(Stored data entries)
------------------------------------------------------------------------
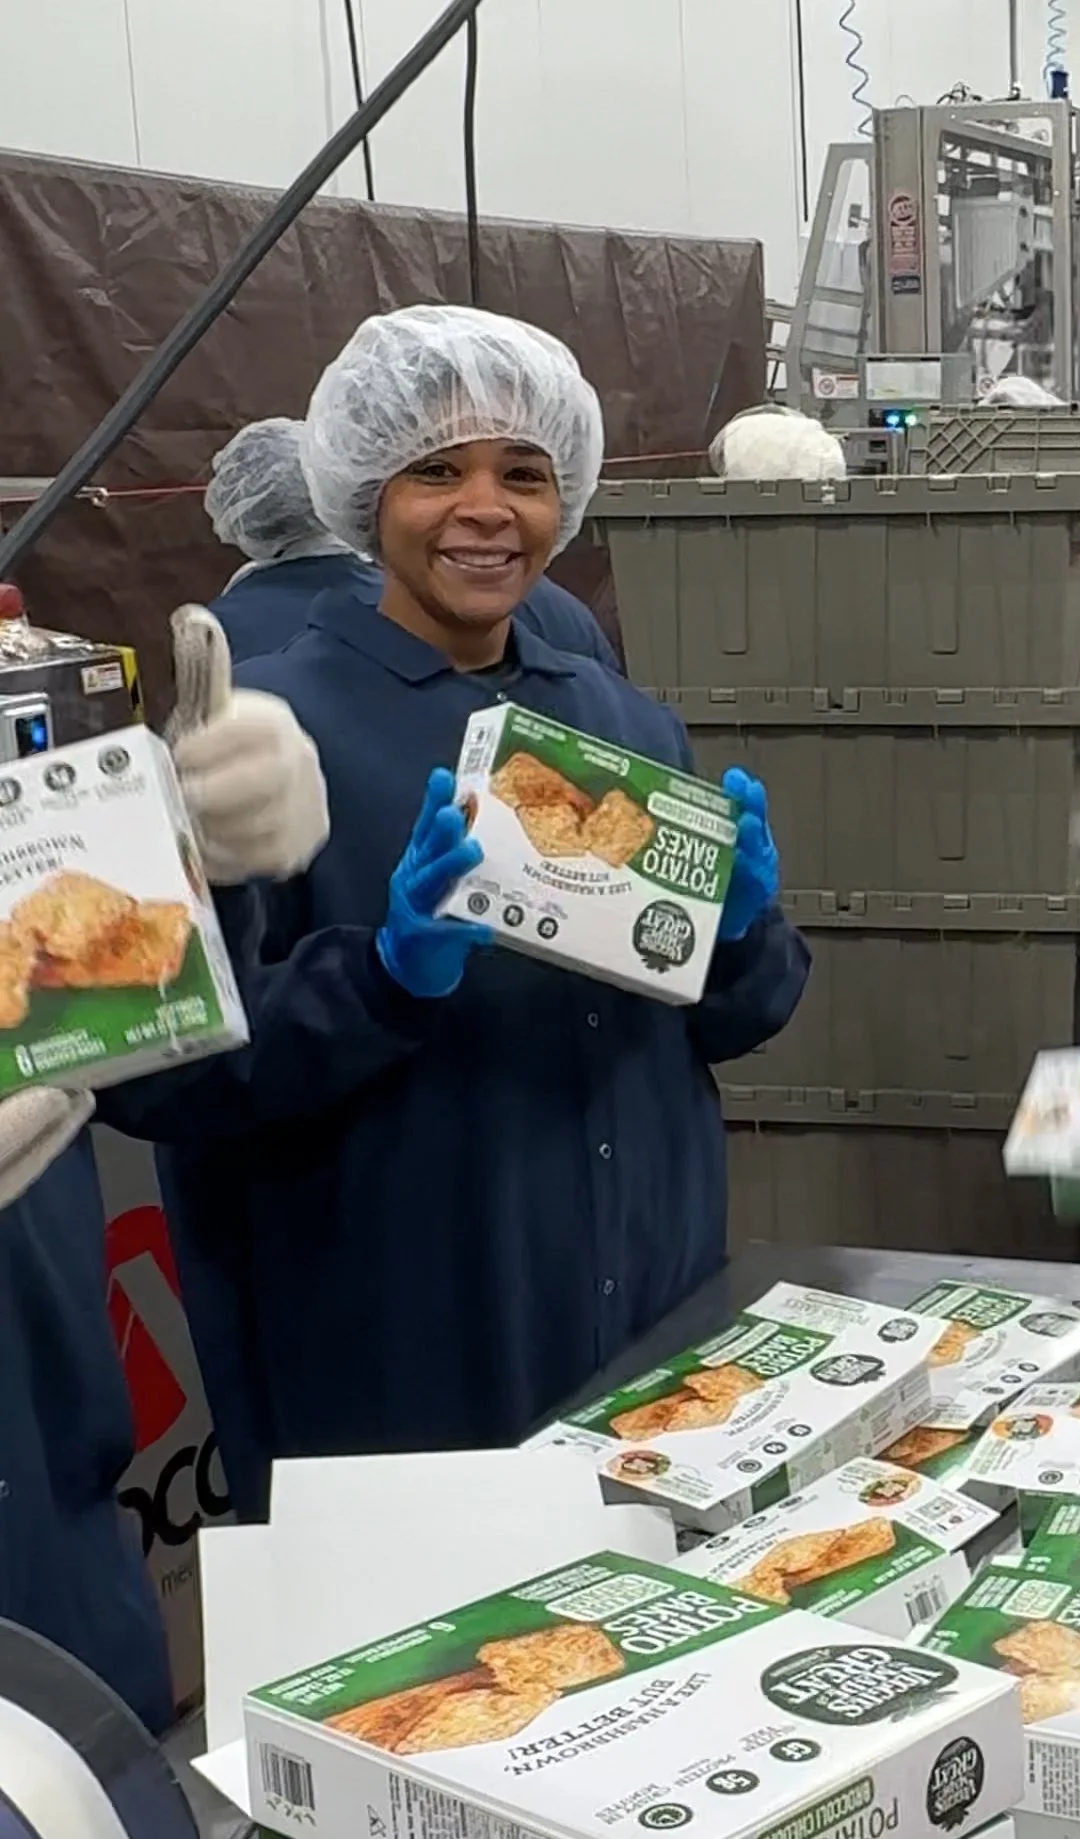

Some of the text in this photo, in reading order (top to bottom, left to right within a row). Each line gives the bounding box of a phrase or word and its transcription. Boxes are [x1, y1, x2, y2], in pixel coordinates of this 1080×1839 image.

[653, 825, 719, 870] BAKES
[642, 849, 720, 898] POTATO
[755, 1336, 827, 1377] POTATO
[602, 1590, 711, 1639] BAKES
[619, 1596, 769, 1655] POTATO
[768, 1647, 893, 1703] GREAT
[826, 1665, 944, 1719] VEGGIES
[503, 1708, 668, 1776] HASHBROWN,
[507, 1679, 675, 1760] BUT BETTER!
[674, 1755, 737, 1787] PROTEIN
[780, 1741, 812, 1759] GF
[932, 1747, 978, 1790] GREAT
[712, 1772, 751, 1790] 5g
[811, 1783, 871, 1831] BROCCOLI
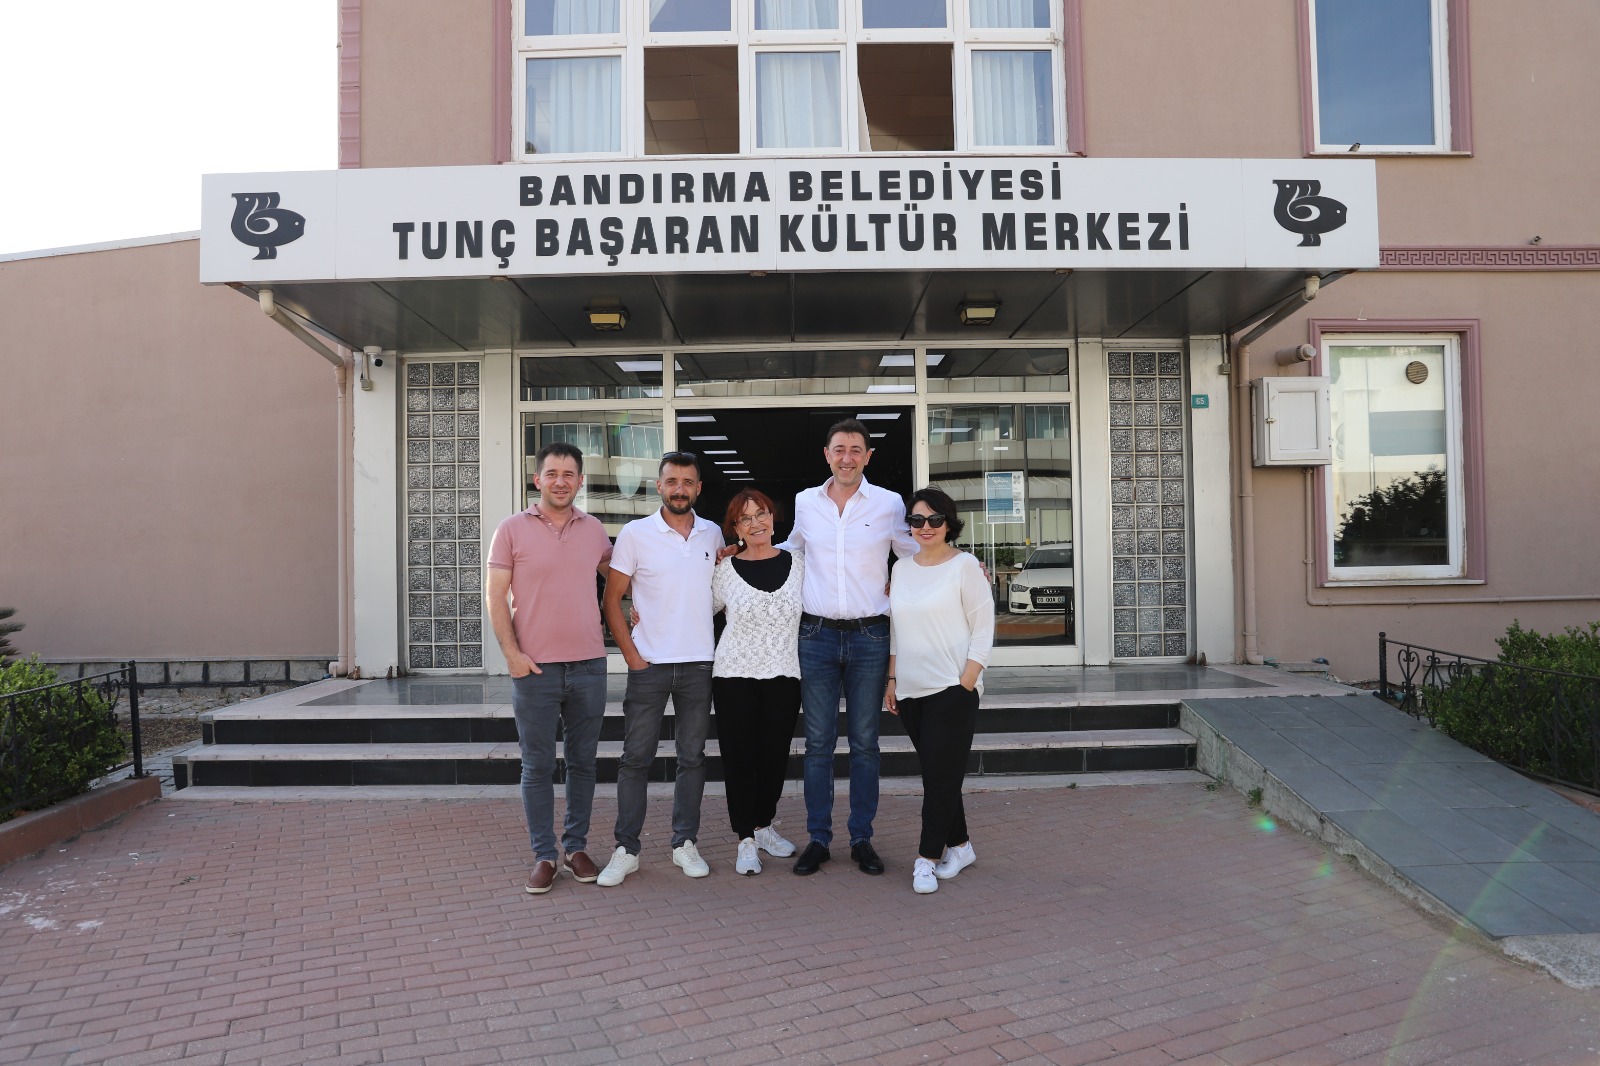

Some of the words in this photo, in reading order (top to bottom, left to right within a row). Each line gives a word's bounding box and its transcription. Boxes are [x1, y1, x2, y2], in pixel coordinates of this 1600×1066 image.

[519, 171, 771, 207] BANDIRMA
[789, 161, 1062, 202] BELEDİYESİ
[392, 219, 516, 269] TUNÇ
[535, 213, 759, 267] BAŞARAN
[779, 202, 957, 253] KÜLTÜR
[982, 202, 1190, 251] MERKEZİ
[1195, 397, 1205, 405] 65
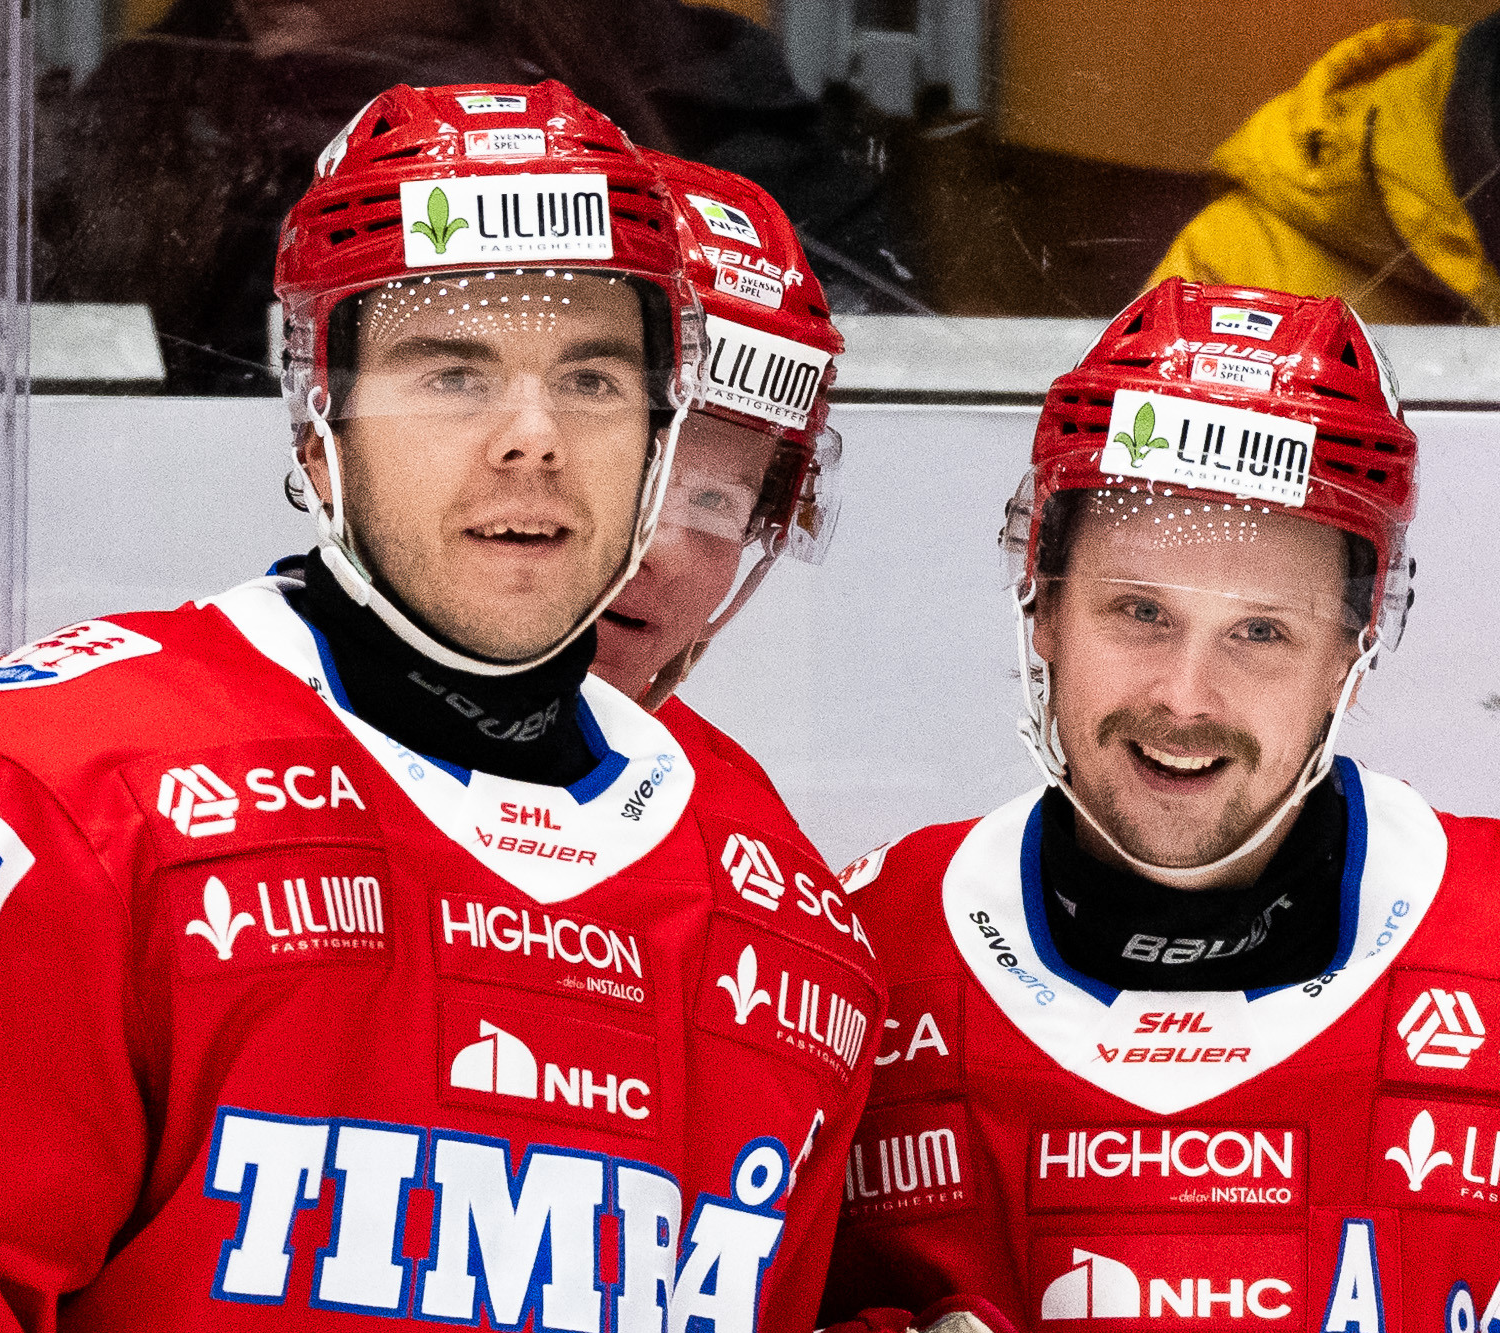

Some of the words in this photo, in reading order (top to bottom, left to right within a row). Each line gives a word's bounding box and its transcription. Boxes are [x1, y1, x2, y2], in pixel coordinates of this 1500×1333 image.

[494, 141, 520, 150] SPEL
[476, 192, 605, 239] LILIUM
[708, 218, 758, 240] NHC
[739, 285, 761, 299] SPEL
[741, 275, 782, 295] SVENSKA
[709, 337, 820, 411] LILIUM
[1219, 371, 1246, 383] SPEL
[1221, 361, 1271, 377] SVENSKA
[706, 387, 806, 424] ASTIGHETER
[1176, 418, 1308, 485] LILIUM
[247, 765, 367, 813] SCA
[500, 801, 562, 831] SHL
[257, 875, 385, 938] LILIUM
[795, 879, 876, 959] SCA
[270, 936, 386, 955] FASTIGHETER
[440, 898, 643, 979] HIGHCON
[585, 978, 645, 1003] INSTALCO
[776, 970, 868, 1071] LILIUM
[880, 1012, 949, 1067] CA
[1134, 1009, 1213, 1034] SHL
[544, 1068, 651, 1121] NHC
[845, 1127, 962, 1199] ILIUM
[1039, 1129, 1293, 1181] HIGHCON
[1210, 1187, 1292, 1205] INSTALCO
[1148, 1278, 1293, 1320] NHC
------------------------------------------------------------------------
▶ [Work instructions] Transcribe the records above exactly, excluding every picture.

▶ [Response for this exercise]
Some of the text in this photo, in reading order (top to bottom, left to right within a row). Each line gives the bounding box of a phrase or word and its transcription. Boxes are [x1, y1, x2, y2], in pixel coordinates of this 1080×1839 image.

[653, 825, 719, 870] BAKES
[642, 849, 720, 898] POTATO
[755, 1336, 827, 1377] POTATO
[602, 1590, 711, 1639] BAKES
[619, 1596, 769, 1655] POTATO
[768, 1647, 893, 1703] GREAT
[826, 1665, 944, 1719] VEGGIES
[503, 1708, 668, 1776] HASHBROWN,
[507, 1679, 675, 1760] BUT BETTER!
[674, 1755, 737, 1787] PROTEIN
[780, 1741, 812, 1759] GF
[932, 1747, 978, 1790] GREAT
[712, 1772, 751, 1790] 5g
[811, 1783, 871, 1831] BROCCOLI

Some of the words in this photo, in reading order (top to bottom, left to right within a row). Each line gives a word's bounding box and its transcription. Boxes are [x1, y1, x2, y2], in pixel coordinates of this 1600×1066 image.

[519, 171, 771, 207] BANDIRMA
[789, 161, 1062, 202] BELEDİYESİ
[392, 219, 516, 269] TUNÇ
[535, 213, 759, 267] BAŞARAN
[779, 202, 957, 253] KÜLTÜR
[982, 202, 1190, 251] MERKEZİ
[1195, 397, 1205, 405] 65

Some of the words in this photo, in reading order (top to bottom, left to right within a row). Each line gives a word's bounding box and its transcription. Boxes are [x1, y1, x2, y2], in pixel coordinates of this 1500×1333 image.

[494, 141, 520, 150] SPEL
[476, 192, 605, 239] LILIUM
[708, 218, 758, 240] NHC
[739, 285, 761, 299] SPEL
[741, 275, 782, 295] SVENSKA
[709, 337, 820, 411] LILIUM
[1219, 371, 1246, 383] SPEL
[1221, 361, 1271, 377] SVENSKA
[706, 387, 806, 424] ASTIGHETER
[1176, 418, 1308, 485] LILIUM
[247, 765, 367, 813] SCA
[500, 801, 562, 831] SHL
[257, 875, 385, 938] LILIUM
[795, 879, 876, 959] SCA
[270, 936, 386, 955] FASTIGHETER
[440, 898, 643, 979] HIGHCON
[585, 978, 645, 1003] INSTALCO
[776, 970, 868, 1071] LILIUM
[880, 1012, 949, 1067] CA
[1134, 1009, 1213, 1034] SHL
[544, 1068, 651, 1121] NHC
[845, 1127, 962, 1199] ILIUM
[1039, 1129, 1293, 1181] HIGHCON
[1210, 1187, 1292, 1205] INSTALCO
[1148, 1278, 1293, 1320] NHC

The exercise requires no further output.